Smallest Forest - Allium Flora blank book/journal via Flickr
Today we start food journaling in earnest, and keep it that way as long as it takes for these skills to become automatic, for us to use them without even thinking about it.  Last night or maybe prior to that we wrote down and planned out our food for today.  Now we’ll add an important follow-through every time we finish eating: we’ll review our food plan and ask ourselves “Did I stick to my plan just now?  If not, what was different?”  If we didn’t eat something listed on the plan, cross it out.  If we ate extra of something on the plan, write that in and circle it.  If we ate something not on the plan at all, write that in and circle it as well. (Or if you keep your food plans in Word, use the Track Changes command which will monitor all additions/deletions for you)

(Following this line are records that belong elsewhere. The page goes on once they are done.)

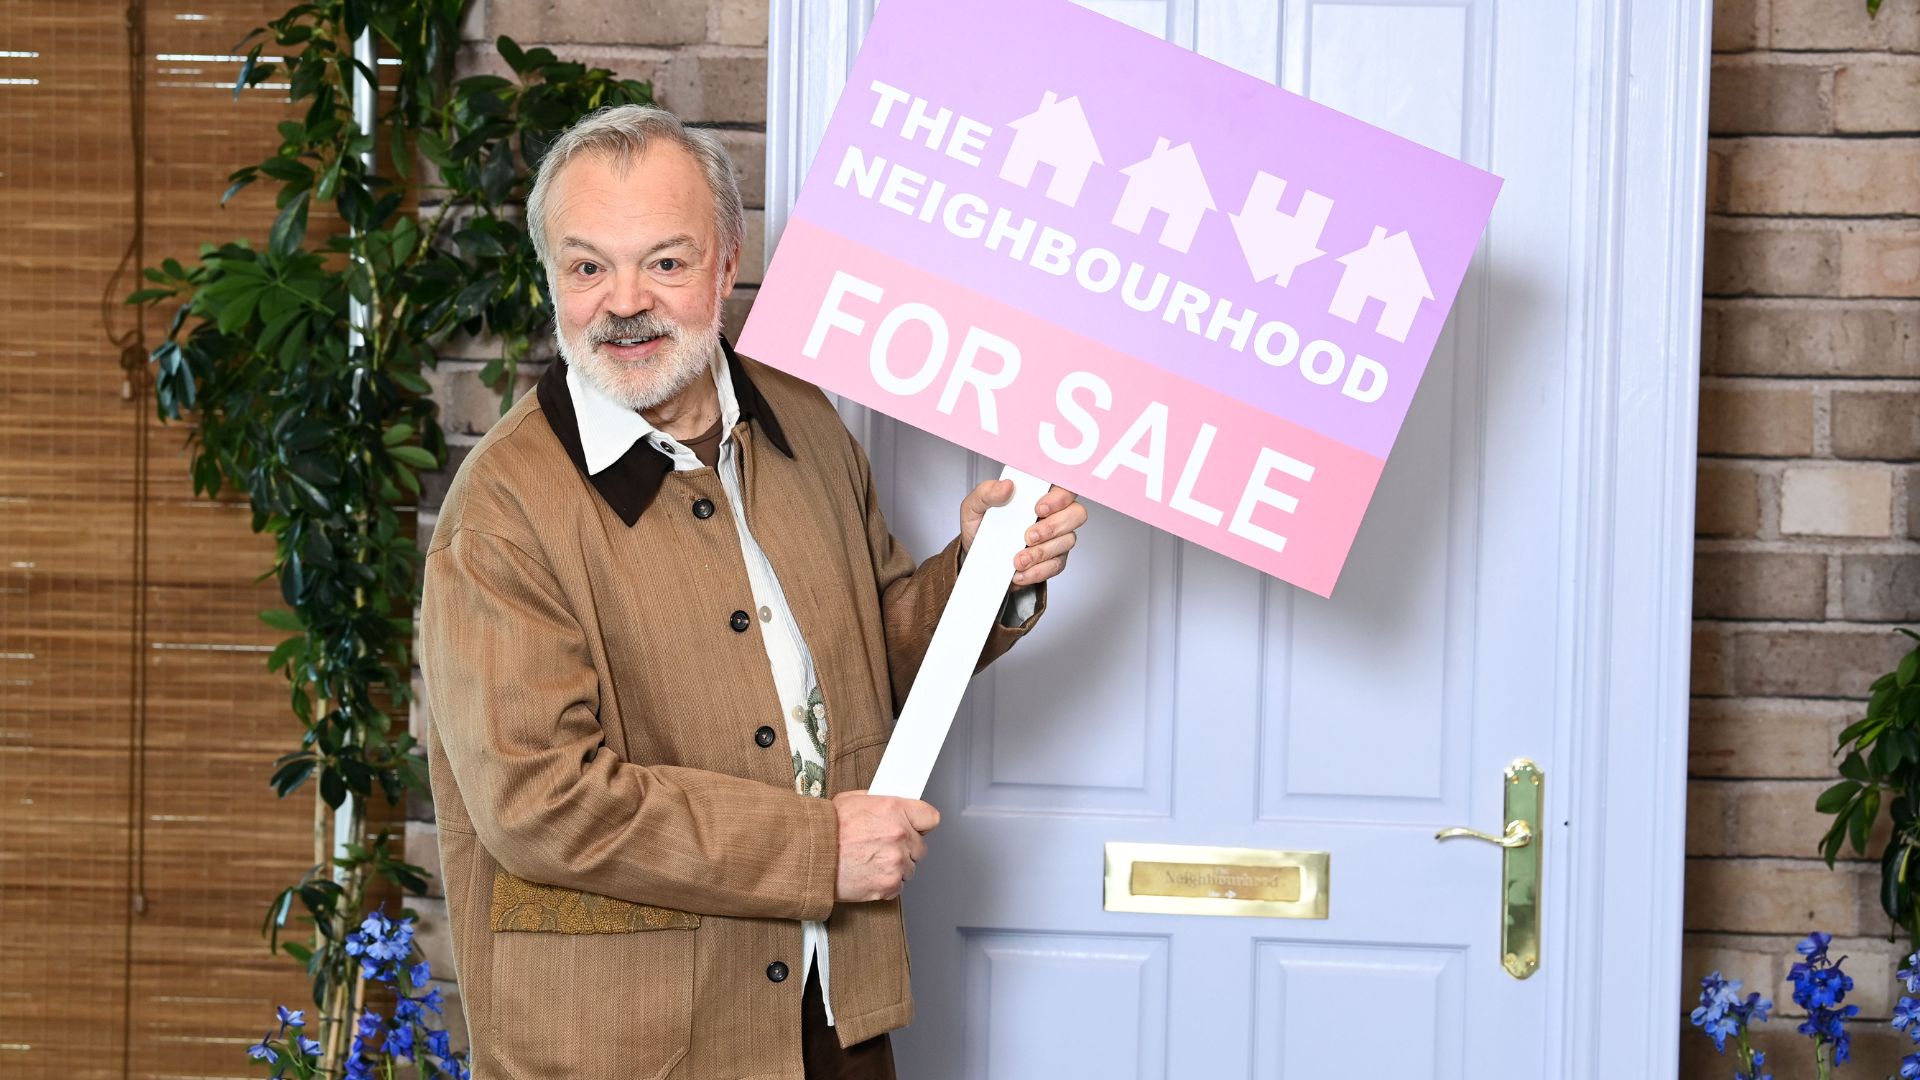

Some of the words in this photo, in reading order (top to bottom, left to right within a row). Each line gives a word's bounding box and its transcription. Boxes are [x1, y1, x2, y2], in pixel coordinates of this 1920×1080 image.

[869, 79, 994, 168] THE
[833, 145, 1389, 403] NEIGHBOURHOOD
[801, 270, 1022, 436] FOR
[1038, 371, 1316, 553] SALE
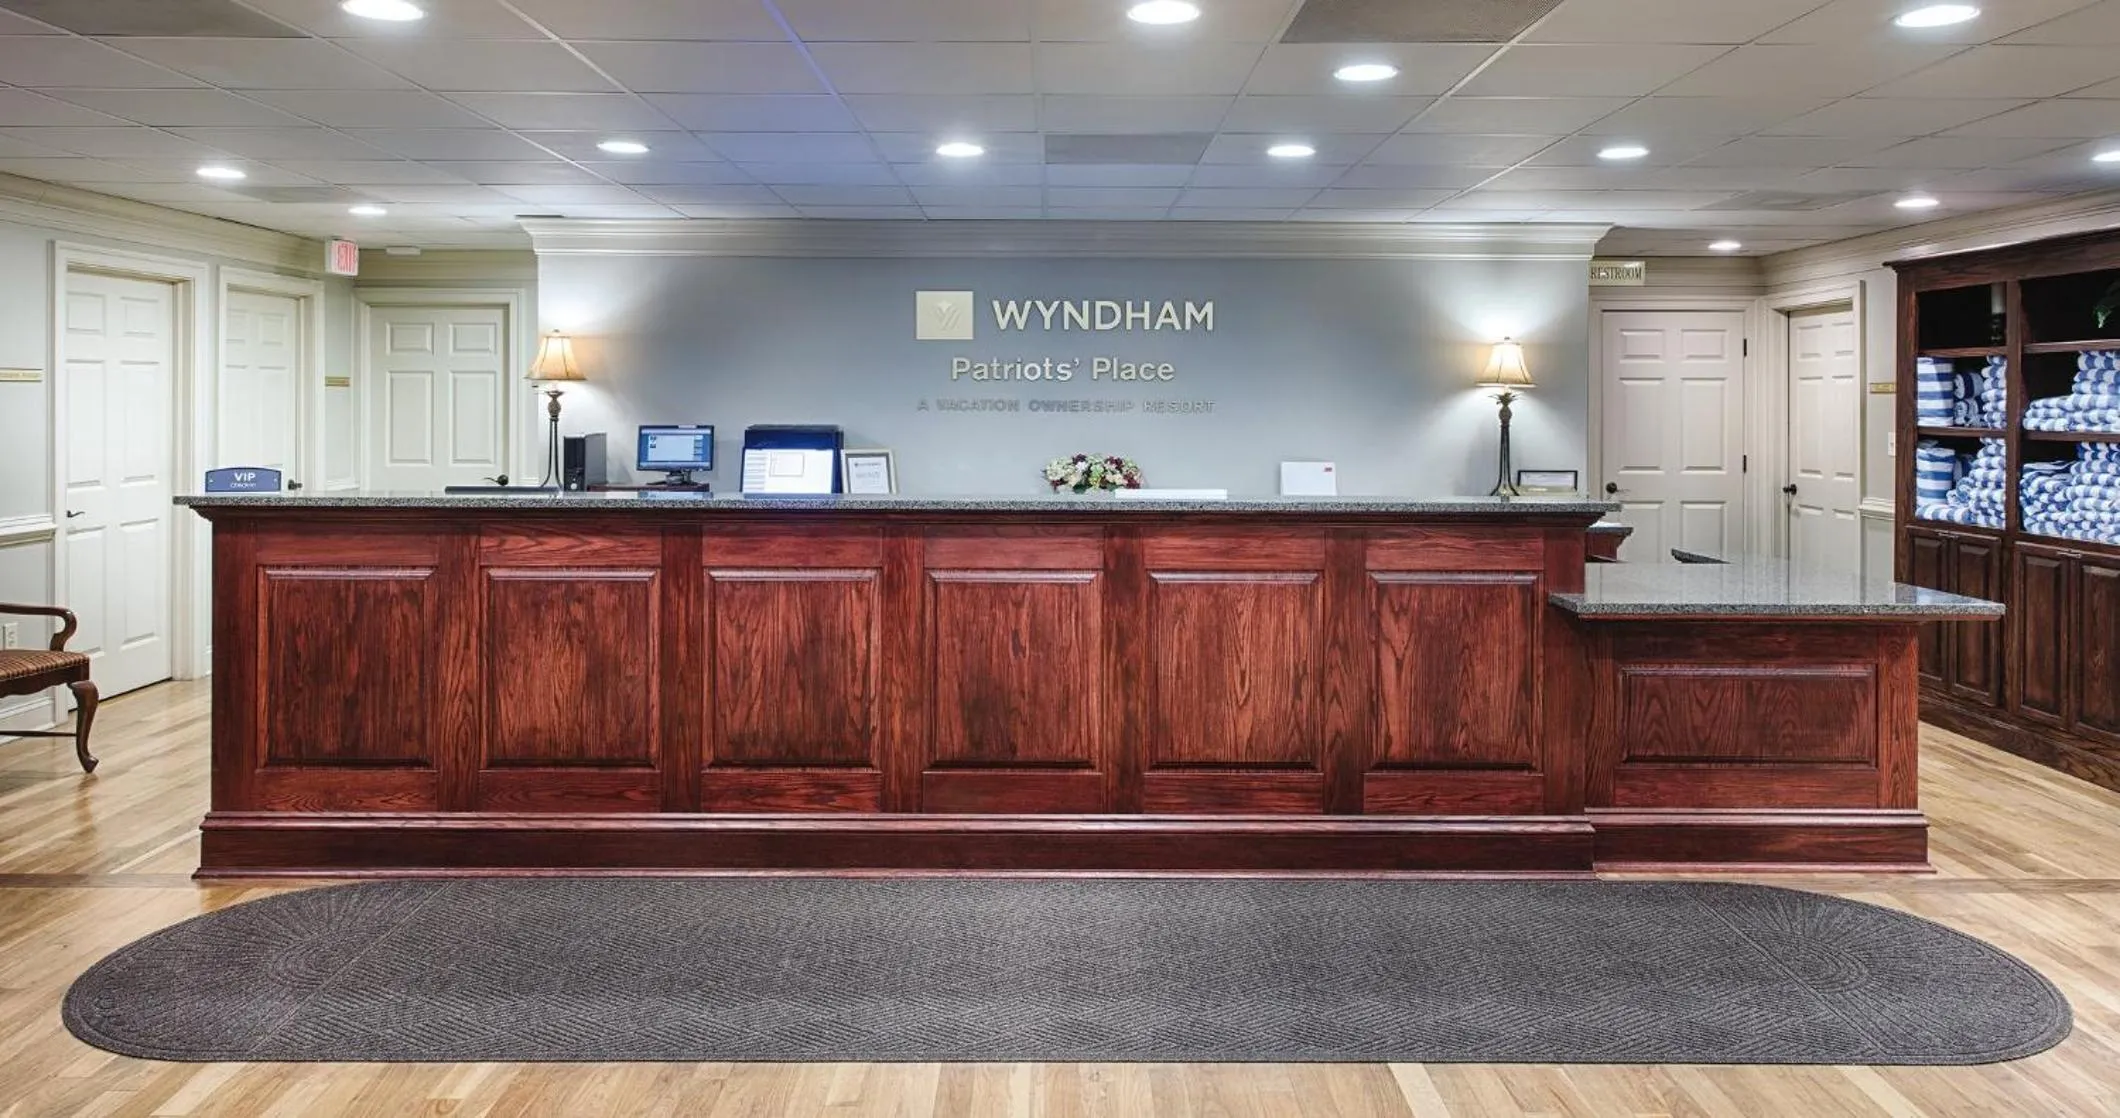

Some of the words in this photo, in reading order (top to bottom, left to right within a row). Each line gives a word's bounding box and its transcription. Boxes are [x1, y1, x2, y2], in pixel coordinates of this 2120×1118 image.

[1590, 266, 1642, 280] RESTROOM
[992, 299, 1214, 330] WYNDHAM
[1092, 357, 1175, 382] Place
[917, 400, 929, 411] A
[937, 399, 1020, 412] VACATION
[1028, 399, 1134, 413] OWNERSHIP
[1143, 400, 1216, 413] RESORT
[233, 472, 256, 481] VIP

This follow-through with our food plan is essential for a number of reasons:

1.      Every time we follow our food plan and eat what we’re supposed to, it’s another opportunity to give ourselves credit, which will in turn boost our confidence and reassure us that we can follow our plans;
2.      Even if we didn’t follow the plan to the letter, we can still praise ourselves for having written the food down.  It’s even more important to monitor our food when we stray so we can address the accompanying STs.  If we don’t they will just build.
3.      If we stray and have STs, we can talk back to them and write Response Cards.  Don’t beat yourself up and feel guilty.  Instead, say things along the lines of “Ok, I ate something unplanned..not the end of the world..I can get back on track this second, and it’s so great that I wrote everything down so I know where I stand.”
4.      When we monitor how well our food plan and reality correspond, we can troubleshoot and brainstorm as to how we can stick to our plan better if we stray.  If you get too hungry between meals, perhaps you should add something richer at mealtime.  Keep trying out different activities from the distraction chart to find the most effective ones.  And so on.

It’s common to have STs about this food-journaling and review process, such as “This is too much work,” “I can remember what I ate without writing it down,” “I’ll start writing things down after I’ve lost weight – I’ll be more motivated then,” etc.  Write a Response Card if necessary with HRs such as
·         “I won’t have to do this for the rest of my life.”
·         “How much time does it really take anyway – what’s the big deal?”
·         “I already know that not writing my food down doesn’t work – why not give the best option a try?”
·         “Chances are good that if I wait to do this, I never will."
·         “Most people are not able to remember everything they ate unless it’s written down – to make sure I’m accountable for everything I eat, I need to write it down.”

Maintaining this food-journaling and review process will make you more aware of what you’re doing every time you eat.  This awareness is a gold mine for credit, confidence, motivation, and improvement.